Pantuosco: It looks like we’re all sharing a brain on Chris Hogan, so let’s move onto the Vikings’ wide receivers because I have a few thoughts on them. Diggs has been phenomenal in spurts since arriving in the league two years ago, so it’s no fluke that he’s sixth in the league in receiving yards. I’d say the bigger surprise has been Adam Thielen, who burst onto the fantasy scene with a 200-yard game against Green Bay late last season and has kept the engine running through the early part of 2017. What’s impressive about these guys is that the bulk of their production has come with Case Keenum at quarterback, which would seem to be a downgrade from Sam Bradford.
Looking at their ROS schedule, the only shutdown corner I see Minnesota running into is Josh Norman in Week 10. Norman doesn’t always shadow guys either, so even that matchup can be overcome with a good game plan.
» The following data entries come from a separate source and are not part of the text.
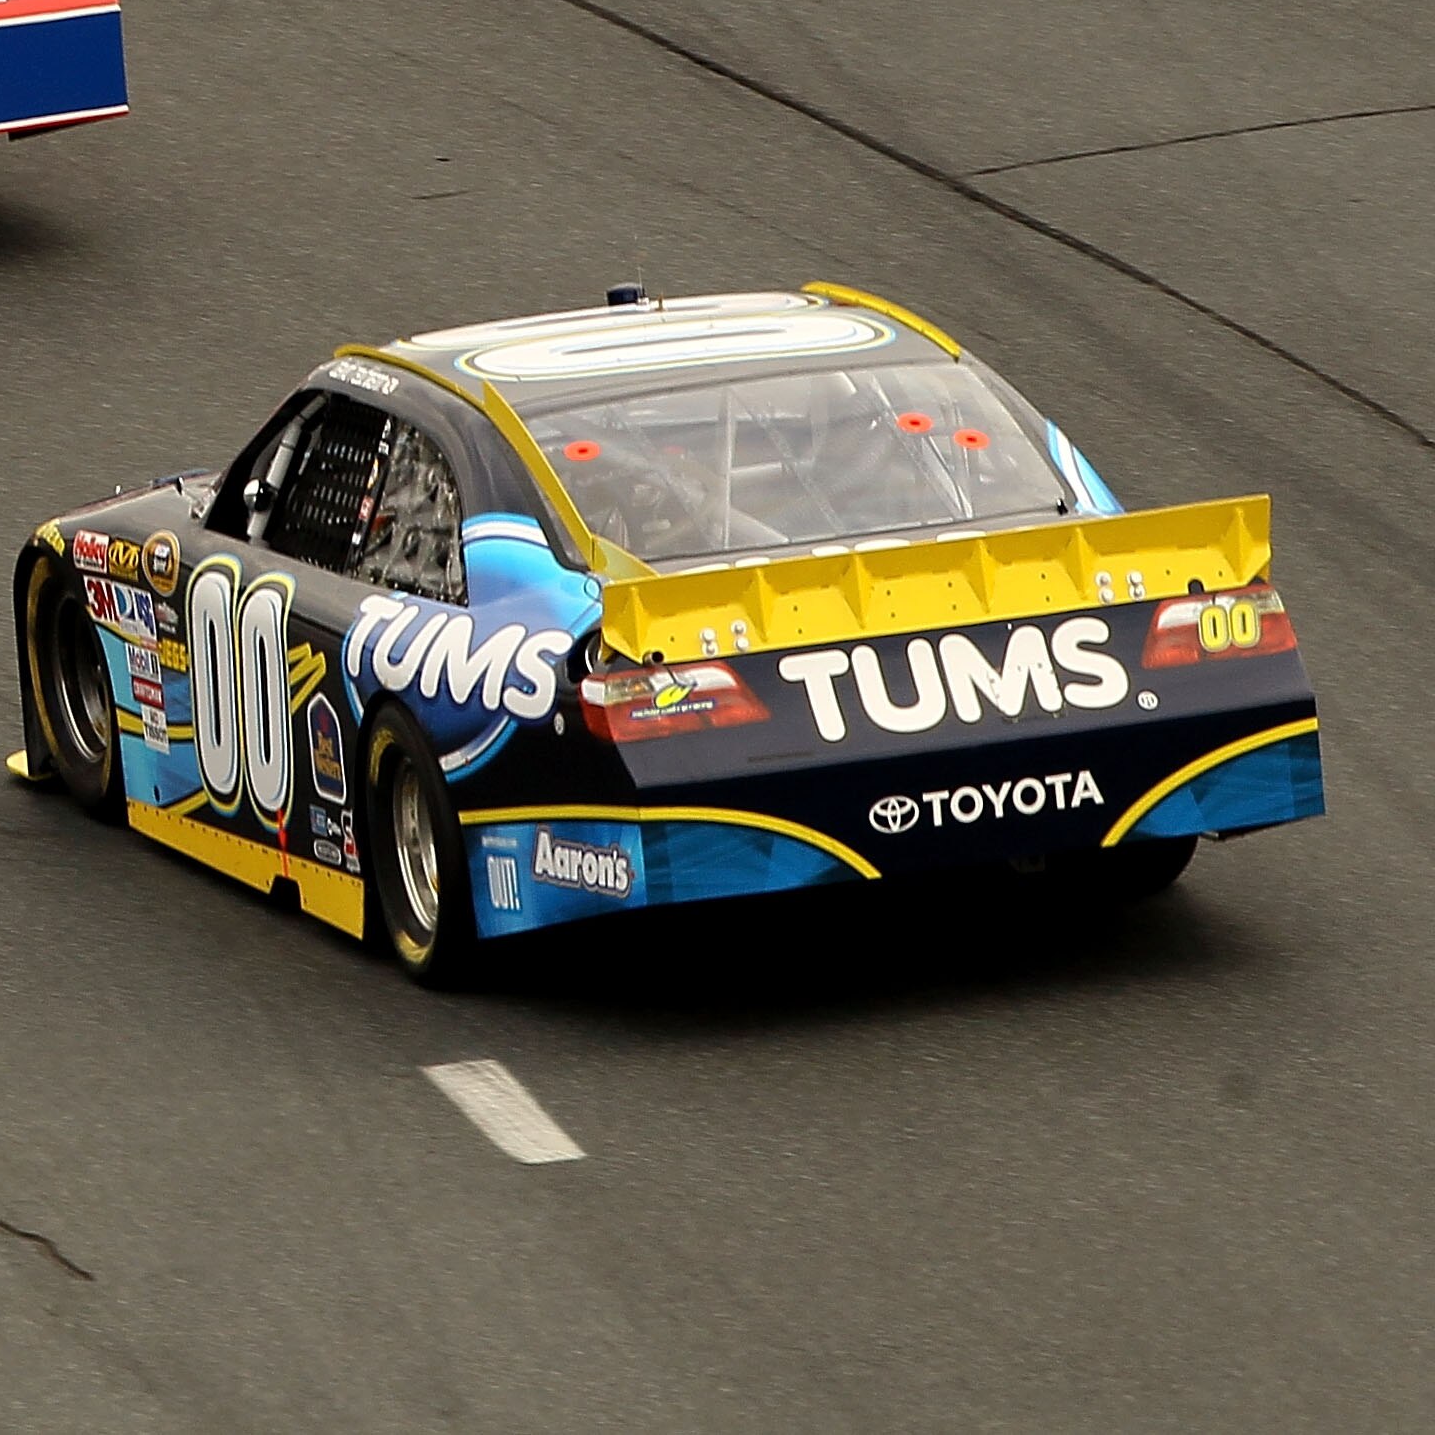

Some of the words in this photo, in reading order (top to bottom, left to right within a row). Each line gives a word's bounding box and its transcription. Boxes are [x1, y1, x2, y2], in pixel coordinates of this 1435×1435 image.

[86, 579, 121, 624] 3M
[1197, 599, 1261, 653] 00
[347, 594, 574, 719] TUMS
[778, 616, 1131, 742] TUMS
[188, 558, 293, 824] 00
[922, 770, 1106, 827] TOYOTA
[534, 829, 630, 893] Aaron's
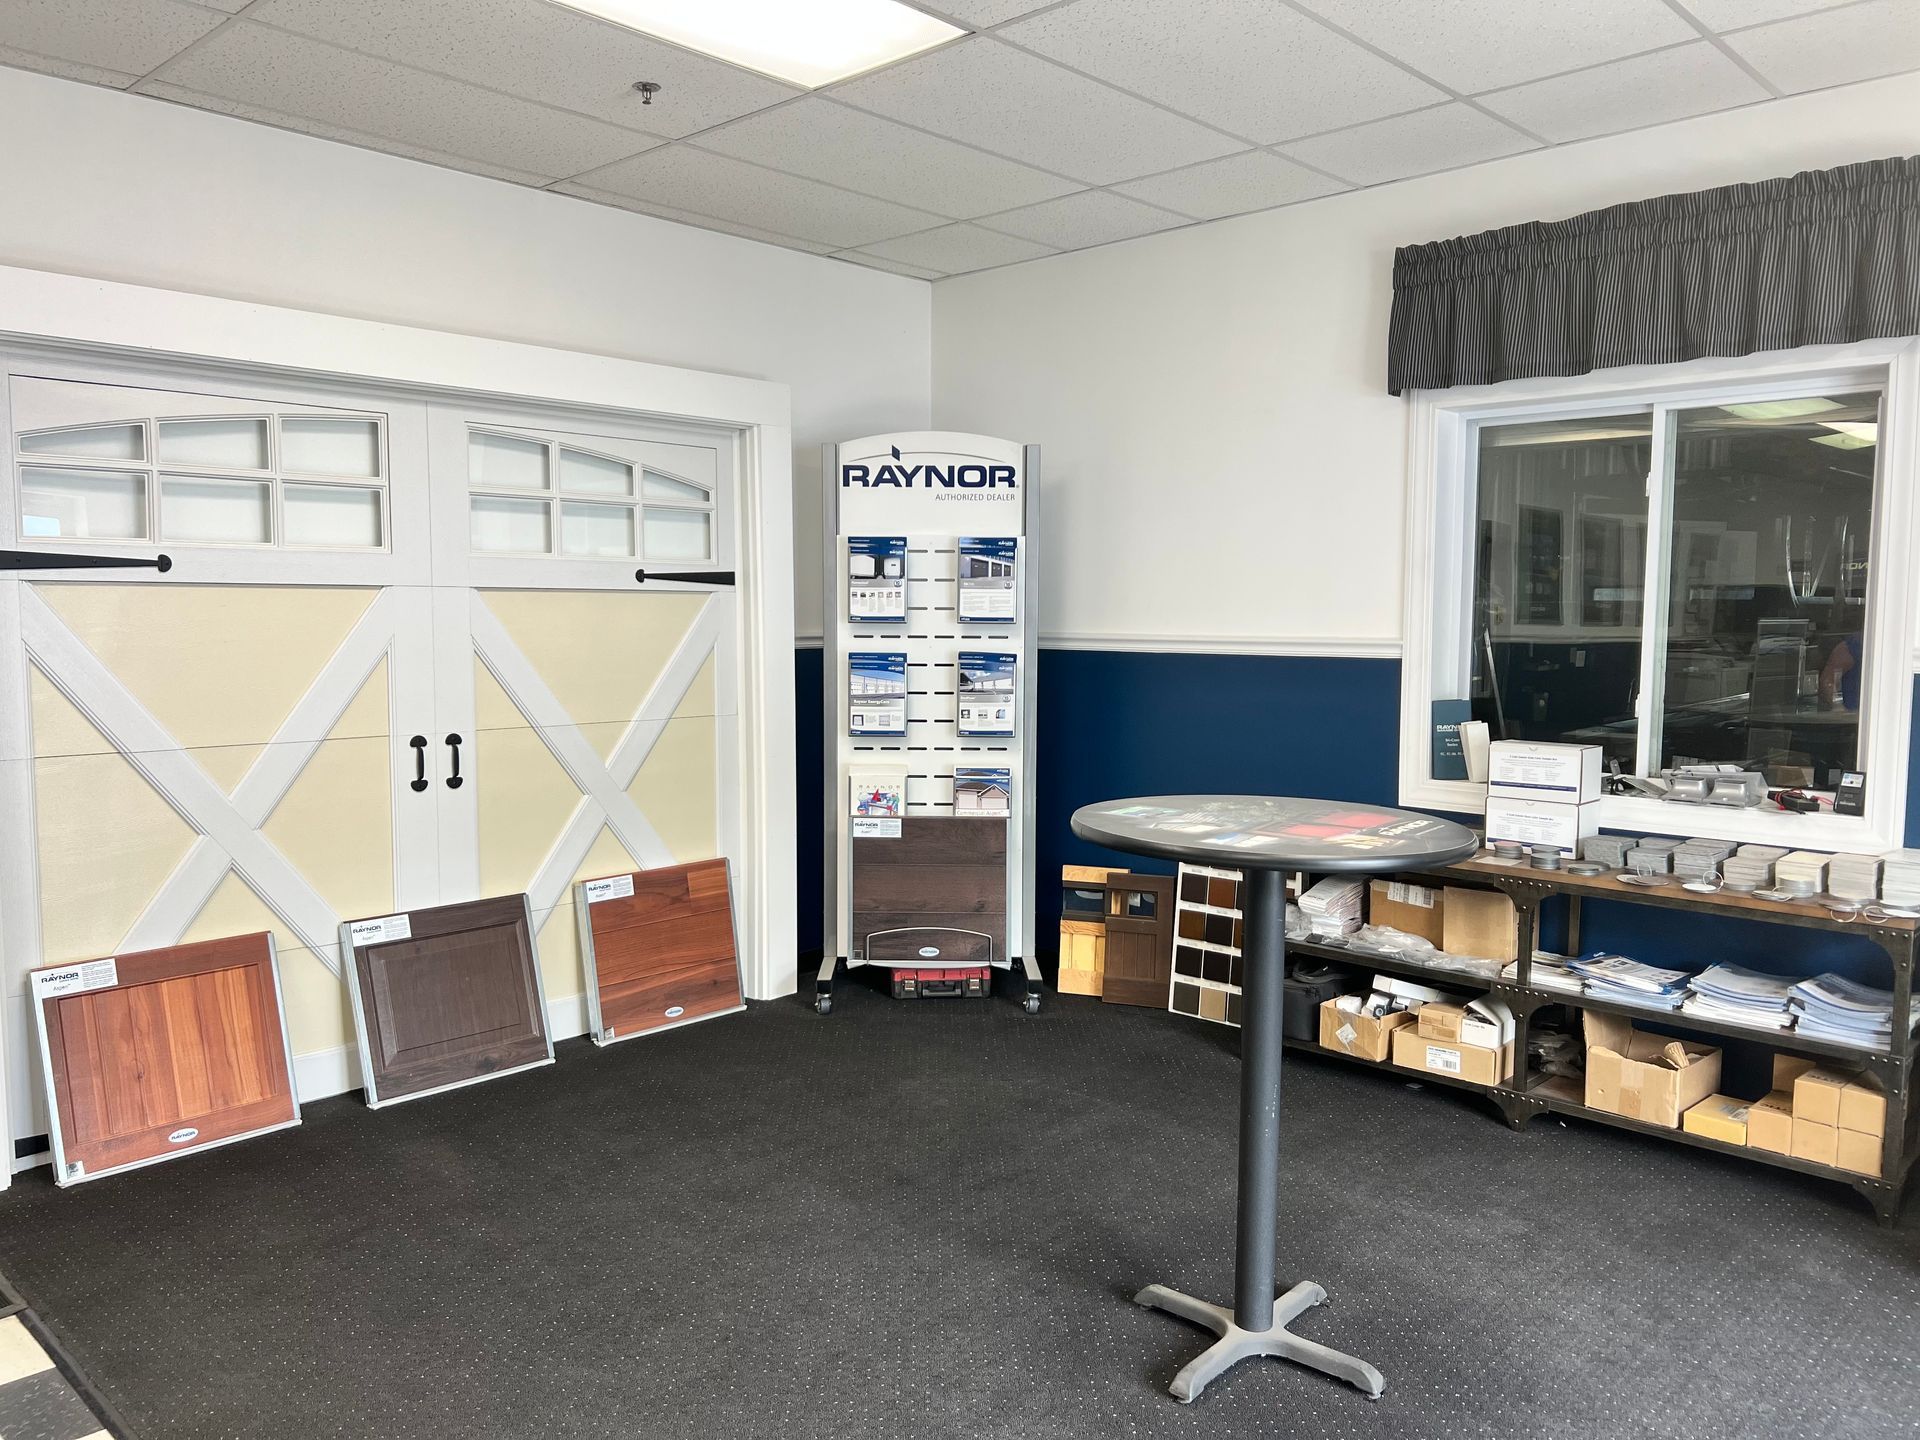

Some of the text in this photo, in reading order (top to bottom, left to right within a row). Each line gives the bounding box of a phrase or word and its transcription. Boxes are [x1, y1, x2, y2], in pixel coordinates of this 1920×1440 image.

[843, 465, 1016, 488] RAYNOR
[935, 493, 1016, 502] AUTHORIZED DEALER
[352, 924, 382, 934] RAYNOR
[41, 972, 79, 984] RAYNOR
Thielen has yet to visit the end zone this year while Diggs already has more touchdowns than he did all of last season, so I’d expect those numbers to straighten themselves out as the year goes on. That said, the groin injury Diggs suffered on Monday night is certainly one to monitor. Diggs was ineffective while playing through a similar issue last season (though he claims his current injury isn’t as bad as that one) and if that situation repeats itself, I think it would be a big boost to Thielen’s fantasy stock.
Diggs and Thielen have both been getting plenty of work, though I wonder if Minnesota will air it out more now that workhorse running back Dalvin Cook is out for the season. That wasn’t the case against the Bears in Week 5, but I wouldn’t be surprised if the Vikings go that route, which, at least from a volume standpoint, can only stand to help both players.
Silva: Not a ton to add here beyond Stefon Diggs' groin injury would scare the crap out of me after how badly it hindered him for about 80% of last season.